Going into the dispositional hearing, both the Guardian ad Litem and the
DHHR were recommending that A.T. be put on a post-dispositional improvement period
and maintained that, ultimately, reunification remained in the best interests of the child
even if they could not yet recommend reunification. On the heels of the Guardian ad
Litem’s statement that she would like to see reunification happen and noting that she agreed
with the DHHR’s recommendation of an improvement period, the circuit court abruptly
and inexplicably concluded that continuation in the home of A.T. was contrary to the
welfare and best interests of H.D. and terminated A.T.’s parental rights. It did so even
though the only evidence presented at the dispositional hearing related to whether A.T.
should be granted a post-dispositional improvement period. There was no evidence
1 whatsoever elicited at that hearing relative to disposition, much less enough to satisfy the
DHHR’s burden to establish by clear and convincing evidence there was no likelihood that
the conditions that led to the filing of the petition could be substantially corrected, and the
facts here cannot support such a finding.
The findings that led the circuit court to conclude that the conditions could
not be remedied relied heavily on the “harsh” (in the words of the majority)
characterizations of the record. I take serious issue with the following findings, and I would
find the decisions that flowed from this faulty factual foundation warrant a vacation of the
termination order:
• “At the April 11, 2022, hearing, Adult Respondent [A.T.] admitted
that she is a current drug addict actively using.”
But at the time of the hearing, A.T. was (1) passing drug screens after her
one-time relapse and (2) residing at St. Joseph’s, an inpatient rehab, where it seems unlikely
she was permitted to actively use drugs.
• “The [c]ourt finds that Adult Respondent [A.T.] has failed to show
any success in addressing her methamphetamine use.”
2 On the contrary, A.T. passed more than 70 drug screens after her
adjudication, with only two failures for a single, isolated relapse, after which she again
began producing negative screens and never produced another positive screen.
• “The [c]ourt finds that this case was filed on July 8, 2021, and the only
effort to address her severe drug addiction was entering a rehabilitation
facility on April 12, 2022. The Court finds that during the interim she
continued her illegal drug use and remained an active addict.”
• “The [c]ourt finds that long-term rehabilitation was the most critical
condition of the improvement period due to Adult Respondent [A.T]’s severe
addiction. The Court further finds that for the first eight months of the
improvement period she failed to enter rehab and continued using illegal
drugs.”
According to these findings, a one-time use of methamphetamine that led to
the filing of the petition and a one-time, isolated relapse (for a grand total of two
methamphetamine uses throughout this entire case) constitutes a “severe”
3 methamphetamine addiction, 1 and one can somehow continue active illegal drug use whilst
simultaneously passing dozens upon dozens of drug screens.

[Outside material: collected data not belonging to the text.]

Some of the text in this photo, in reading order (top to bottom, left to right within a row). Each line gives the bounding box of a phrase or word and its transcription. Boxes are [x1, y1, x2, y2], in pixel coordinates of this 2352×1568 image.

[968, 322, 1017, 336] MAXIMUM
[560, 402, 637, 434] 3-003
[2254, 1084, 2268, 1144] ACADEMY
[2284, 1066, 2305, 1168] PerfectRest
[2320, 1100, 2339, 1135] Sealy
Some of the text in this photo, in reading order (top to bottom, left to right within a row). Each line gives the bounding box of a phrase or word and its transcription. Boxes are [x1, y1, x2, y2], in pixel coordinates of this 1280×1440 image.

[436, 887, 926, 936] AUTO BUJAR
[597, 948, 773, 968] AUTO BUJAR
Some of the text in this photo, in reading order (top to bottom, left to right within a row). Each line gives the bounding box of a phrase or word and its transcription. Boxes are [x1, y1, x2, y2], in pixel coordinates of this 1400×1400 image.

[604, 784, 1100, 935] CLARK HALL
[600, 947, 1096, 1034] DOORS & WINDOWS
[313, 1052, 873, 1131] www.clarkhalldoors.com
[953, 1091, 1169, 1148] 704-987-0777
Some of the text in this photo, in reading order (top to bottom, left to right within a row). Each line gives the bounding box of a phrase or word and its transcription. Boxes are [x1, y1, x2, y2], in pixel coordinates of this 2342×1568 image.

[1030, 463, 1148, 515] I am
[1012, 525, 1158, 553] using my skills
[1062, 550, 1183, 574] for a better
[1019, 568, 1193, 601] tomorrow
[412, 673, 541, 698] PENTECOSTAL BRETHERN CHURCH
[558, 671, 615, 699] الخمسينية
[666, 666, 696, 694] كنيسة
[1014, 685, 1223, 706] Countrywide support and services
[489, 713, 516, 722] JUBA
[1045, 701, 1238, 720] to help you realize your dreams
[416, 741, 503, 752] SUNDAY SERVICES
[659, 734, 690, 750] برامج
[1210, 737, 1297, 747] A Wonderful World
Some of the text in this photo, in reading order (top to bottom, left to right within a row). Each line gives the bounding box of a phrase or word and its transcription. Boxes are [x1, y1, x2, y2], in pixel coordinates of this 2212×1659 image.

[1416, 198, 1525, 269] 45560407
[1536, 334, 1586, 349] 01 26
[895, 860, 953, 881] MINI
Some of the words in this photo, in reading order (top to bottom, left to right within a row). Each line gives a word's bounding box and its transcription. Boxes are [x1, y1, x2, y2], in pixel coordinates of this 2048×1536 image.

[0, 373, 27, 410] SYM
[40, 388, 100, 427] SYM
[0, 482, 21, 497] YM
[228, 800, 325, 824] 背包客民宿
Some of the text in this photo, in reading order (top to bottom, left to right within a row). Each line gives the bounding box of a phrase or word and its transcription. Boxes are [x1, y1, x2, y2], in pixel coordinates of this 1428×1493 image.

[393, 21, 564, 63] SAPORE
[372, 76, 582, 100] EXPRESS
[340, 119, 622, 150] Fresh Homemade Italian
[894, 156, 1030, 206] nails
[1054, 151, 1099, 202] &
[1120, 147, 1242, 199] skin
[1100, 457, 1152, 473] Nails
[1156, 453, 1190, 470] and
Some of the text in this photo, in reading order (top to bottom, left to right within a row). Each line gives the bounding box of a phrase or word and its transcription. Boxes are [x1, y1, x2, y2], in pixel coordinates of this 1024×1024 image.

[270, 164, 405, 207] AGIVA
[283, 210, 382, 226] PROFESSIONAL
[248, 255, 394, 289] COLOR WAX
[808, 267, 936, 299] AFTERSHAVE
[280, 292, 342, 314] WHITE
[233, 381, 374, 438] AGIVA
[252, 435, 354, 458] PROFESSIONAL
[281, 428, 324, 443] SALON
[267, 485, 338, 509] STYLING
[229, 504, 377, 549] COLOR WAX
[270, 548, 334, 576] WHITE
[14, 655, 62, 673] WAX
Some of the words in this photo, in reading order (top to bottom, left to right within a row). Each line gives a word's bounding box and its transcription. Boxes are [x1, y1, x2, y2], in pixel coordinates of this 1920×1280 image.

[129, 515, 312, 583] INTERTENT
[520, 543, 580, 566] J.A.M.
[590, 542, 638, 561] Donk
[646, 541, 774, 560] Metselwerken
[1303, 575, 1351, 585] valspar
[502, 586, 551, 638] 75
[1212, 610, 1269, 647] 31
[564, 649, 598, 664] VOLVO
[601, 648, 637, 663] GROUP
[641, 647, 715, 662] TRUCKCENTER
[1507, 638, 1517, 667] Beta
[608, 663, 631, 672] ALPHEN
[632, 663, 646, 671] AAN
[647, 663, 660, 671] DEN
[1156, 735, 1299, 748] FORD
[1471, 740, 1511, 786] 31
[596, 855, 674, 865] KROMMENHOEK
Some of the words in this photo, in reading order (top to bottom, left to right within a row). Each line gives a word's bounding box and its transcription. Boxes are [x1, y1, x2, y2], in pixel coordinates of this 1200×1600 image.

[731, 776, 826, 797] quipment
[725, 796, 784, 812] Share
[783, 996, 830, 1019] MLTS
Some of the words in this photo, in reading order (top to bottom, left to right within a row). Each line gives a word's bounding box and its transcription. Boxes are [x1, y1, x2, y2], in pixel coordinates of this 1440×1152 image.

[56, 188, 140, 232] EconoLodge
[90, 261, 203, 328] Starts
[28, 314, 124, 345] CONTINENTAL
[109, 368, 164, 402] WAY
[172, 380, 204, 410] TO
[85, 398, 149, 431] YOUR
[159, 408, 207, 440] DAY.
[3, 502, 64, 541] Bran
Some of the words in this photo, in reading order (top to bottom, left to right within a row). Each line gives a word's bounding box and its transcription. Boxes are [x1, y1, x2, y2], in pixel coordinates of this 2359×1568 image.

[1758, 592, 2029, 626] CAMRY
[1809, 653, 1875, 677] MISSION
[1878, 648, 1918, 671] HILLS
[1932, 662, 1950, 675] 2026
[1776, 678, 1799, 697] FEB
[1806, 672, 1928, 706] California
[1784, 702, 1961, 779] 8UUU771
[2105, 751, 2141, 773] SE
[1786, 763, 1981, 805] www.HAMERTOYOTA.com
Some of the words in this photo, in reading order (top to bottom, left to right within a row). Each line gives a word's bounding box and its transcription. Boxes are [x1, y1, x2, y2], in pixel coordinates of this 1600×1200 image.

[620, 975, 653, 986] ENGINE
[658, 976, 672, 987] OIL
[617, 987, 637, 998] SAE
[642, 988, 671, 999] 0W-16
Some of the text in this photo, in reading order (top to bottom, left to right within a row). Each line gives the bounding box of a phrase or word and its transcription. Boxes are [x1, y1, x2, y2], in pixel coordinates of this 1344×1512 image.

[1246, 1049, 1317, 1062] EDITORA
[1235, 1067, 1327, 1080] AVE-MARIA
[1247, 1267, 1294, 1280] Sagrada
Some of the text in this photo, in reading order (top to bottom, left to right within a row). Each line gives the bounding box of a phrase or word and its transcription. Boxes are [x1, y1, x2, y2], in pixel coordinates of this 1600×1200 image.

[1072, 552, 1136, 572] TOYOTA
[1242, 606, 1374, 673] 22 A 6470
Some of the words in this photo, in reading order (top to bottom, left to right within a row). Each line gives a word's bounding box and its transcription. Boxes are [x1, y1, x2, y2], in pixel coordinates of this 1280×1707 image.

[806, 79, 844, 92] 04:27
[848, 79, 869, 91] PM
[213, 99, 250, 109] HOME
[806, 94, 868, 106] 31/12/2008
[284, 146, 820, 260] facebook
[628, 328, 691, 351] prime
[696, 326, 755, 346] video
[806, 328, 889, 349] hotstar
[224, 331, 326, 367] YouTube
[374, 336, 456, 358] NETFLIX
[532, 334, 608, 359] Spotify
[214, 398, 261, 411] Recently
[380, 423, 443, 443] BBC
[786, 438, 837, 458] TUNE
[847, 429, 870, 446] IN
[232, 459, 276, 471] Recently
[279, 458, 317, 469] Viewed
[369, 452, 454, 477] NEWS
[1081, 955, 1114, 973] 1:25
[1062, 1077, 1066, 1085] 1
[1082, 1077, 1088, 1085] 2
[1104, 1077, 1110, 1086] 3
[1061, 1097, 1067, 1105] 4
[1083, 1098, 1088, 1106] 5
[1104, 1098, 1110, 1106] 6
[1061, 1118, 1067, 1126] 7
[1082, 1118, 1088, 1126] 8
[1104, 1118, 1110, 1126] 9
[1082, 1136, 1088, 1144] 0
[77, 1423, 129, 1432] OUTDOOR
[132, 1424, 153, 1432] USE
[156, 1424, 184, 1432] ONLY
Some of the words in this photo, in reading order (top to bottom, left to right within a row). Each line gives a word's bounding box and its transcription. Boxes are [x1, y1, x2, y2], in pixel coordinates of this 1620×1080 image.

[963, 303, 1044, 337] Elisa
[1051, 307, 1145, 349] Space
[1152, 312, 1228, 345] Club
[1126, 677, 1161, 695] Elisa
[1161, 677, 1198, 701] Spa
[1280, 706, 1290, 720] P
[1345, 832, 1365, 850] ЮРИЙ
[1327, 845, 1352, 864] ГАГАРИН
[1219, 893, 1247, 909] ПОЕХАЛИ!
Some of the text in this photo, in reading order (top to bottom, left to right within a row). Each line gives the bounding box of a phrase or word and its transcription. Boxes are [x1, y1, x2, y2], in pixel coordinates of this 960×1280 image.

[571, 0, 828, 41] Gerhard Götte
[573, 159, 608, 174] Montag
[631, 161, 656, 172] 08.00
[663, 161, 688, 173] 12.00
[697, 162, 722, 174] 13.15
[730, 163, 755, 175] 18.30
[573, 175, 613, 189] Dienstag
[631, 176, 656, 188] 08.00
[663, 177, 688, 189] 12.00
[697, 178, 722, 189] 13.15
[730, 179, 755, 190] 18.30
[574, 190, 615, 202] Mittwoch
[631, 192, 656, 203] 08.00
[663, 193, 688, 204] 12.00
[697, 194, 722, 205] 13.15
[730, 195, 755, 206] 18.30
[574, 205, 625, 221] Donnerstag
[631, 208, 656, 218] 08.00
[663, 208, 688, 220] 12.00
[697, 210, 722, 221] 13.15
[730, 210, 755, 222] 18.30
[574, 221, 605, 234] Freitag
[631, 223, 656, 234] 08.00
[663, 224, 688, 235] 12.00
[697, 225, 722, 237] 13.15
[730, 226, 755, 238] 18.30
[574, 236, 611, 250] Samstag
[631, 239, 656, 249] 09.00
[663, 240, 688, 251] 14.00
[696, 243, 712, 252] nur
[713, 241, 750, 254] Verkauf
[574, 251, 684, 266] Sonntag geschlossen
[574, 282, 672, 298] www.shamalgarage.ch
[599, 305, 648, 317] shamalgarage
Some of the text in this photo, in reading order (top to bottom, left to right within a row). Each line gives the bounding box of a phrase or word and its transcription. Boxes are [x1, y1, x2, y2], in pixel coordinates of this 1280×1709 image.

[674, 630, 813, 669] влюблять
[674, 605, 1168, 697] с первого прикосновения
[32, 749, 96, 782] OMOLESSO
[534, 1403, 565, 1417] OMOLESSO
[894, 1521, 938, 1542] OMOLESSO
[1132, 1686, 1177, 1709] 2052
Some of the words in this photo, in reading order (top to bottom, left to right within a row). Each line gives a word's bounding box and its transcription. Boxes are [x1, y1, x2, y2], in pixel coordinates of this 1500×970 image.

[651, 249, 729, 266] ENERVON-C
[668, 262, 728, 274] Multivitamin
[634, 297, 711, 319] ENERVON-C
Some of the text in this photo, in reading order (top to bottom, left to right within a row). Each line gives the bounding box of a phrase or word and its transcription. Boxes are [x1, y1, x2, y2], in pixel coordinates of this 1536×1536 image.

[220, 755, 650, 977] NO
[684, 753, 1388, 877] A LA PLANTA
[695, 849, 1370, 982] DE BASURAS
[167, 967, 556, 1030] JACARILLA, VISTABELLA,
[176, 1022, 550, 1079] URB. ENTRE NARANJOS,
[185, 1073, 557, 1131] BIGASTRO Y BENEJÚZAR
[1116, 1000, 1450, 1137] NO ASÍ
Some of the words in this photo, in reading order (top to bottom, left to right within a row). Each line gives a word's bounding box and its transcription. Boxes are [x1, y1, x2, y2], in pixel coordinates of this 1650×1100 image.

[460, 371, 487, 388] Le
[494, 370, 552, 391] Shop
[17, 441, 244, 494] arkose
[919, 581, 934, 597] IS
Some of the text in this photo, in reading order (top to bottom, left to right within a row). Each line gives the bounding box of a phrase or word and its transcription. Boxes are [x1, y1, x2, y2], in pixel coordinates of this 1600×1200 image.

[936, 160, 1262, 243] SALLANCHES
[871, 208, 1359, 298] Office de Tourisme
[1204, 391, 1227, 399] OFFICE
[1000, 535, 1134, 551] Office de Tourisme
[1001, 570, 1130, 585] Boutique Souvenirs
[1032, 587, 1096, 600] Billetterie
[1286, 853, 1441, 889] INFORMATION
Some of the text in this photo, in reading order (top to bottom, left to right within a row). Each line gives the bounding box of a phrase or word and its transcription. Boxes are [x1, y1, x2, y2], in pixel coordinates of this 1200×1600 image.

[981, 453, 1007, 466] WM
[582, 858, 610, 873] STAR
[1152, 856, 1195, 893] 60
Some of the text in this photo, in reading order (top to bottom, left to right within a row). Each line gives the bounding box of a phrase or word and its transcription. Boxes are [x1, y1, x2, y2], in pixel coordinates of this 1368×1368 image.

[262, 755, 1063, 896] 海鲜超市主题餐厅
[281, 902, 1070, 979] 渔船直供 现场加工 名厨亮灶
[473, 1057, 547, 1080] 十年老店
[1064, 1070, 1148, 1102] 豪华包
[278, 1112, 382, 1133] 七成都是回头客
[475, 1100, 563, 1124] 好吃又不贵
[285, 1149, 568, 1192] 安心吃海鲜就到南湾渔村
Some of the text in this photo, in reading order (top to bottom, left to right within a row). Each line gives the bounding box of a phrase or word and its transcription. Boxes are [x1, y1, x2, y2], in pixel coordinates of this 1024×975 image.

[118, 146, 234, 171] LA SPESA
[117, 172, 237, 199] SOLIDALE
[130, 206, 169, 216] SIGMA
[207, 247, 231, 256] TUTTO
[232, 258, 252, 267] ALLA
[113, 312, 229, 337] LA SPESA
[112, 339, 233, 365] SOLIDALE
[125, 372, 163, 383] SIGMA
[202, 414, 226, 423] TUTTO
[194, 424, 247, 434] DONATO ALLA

And, in the estimation of the circuit court, the outpatient rehab A.T. attended
while waiting to be medically cleared for inpatient rehab and the sixty-day inpatient rehab
seemingly count for nothing. Finally, the circuit court backdates the failure to get into
long-term inpatient rehab for eight months to the beginning of the case as though it is
wholly unexcused, despite that A.T. had an active tuberculosis infection that prevented her
from being admitted to one of those facilities until she was cleared of the infection, which
wasn’t until February 2022.
• “Adult Respondent [A.T.] had a bed at Prestera Center which would
have met the rehabilitation requirement. The Court finds that she told the
center at intake that she did not have a drug problem and was denied
admission. The Court finds that she reported that she was not addicted to
illegal drugs at a time when she clearly was.”
1 The petition against A.T. for methamphetamine use arose from a single use during pregnancy. The ongoing drug addiction references made by both counsel for DHHR and the circuit court may be leveled at A.T.’s opiate addiction developed early in life, but managed through Subutex prescription. Importantly, that was not the basis of the petition filed against her and has no relevance to the basis for termination here.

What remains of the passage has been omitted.